Drop every picture and give the entries back exactly.

» **Dataset extract**:
◆ ◆ ◆ ◆ ◆
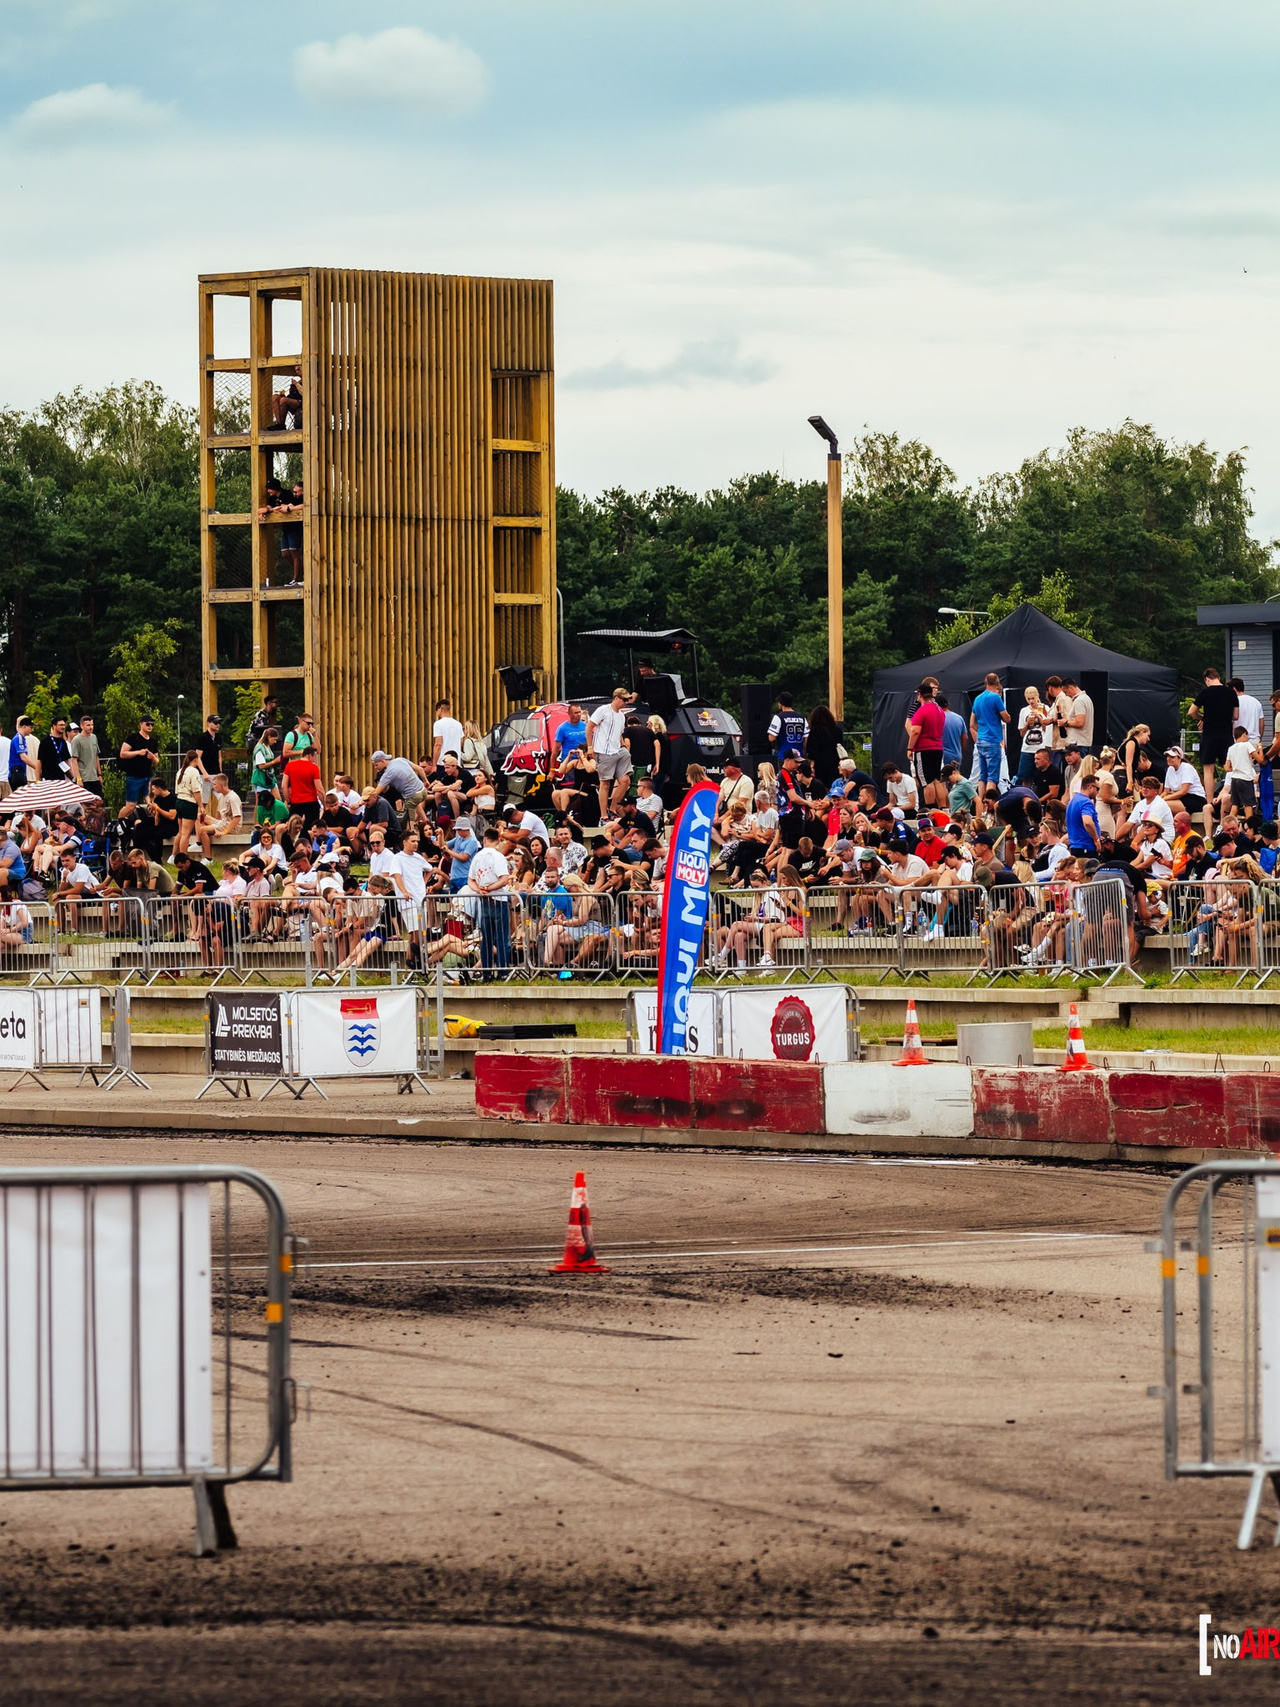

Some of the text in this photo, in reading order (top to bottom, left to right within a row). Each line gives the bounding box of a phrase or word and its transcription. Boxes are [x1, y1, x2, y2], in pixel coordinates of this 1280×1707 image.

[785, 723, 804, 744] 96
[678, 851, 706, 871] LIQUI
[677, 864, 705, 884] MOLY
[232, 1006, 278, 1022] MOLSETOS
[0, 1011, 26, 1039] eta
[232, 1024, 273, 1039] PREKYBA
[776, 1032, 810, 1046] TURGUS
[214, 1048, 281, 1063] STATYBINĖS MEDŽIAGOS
◆ ◆ ◆ ◆ ◆
» **Result below**:
Some of the text in this photo, in reading order (top to bottom, left to right within a row). Each line gives the bounding box of a phrase or word and its transcription. Boxes are [x1, y1, x2, y2], in pixel coordinates of this 1280×1707 image.

[785, 723, 804, 744] 96
[678, 851, 706, 871] LIQUI
[677, 864, 705, 884] MOLY
[232, 1006, 278, 1022] MOLSETOS
[0, 1011, 26, 1039] eta
[232, 1024, 273, 1039] PREKYBA
[776, 1032, 810, 1046] TURGUS
[214, 1048, 281, 1063] STATYBINĖS MEDŽIAGOS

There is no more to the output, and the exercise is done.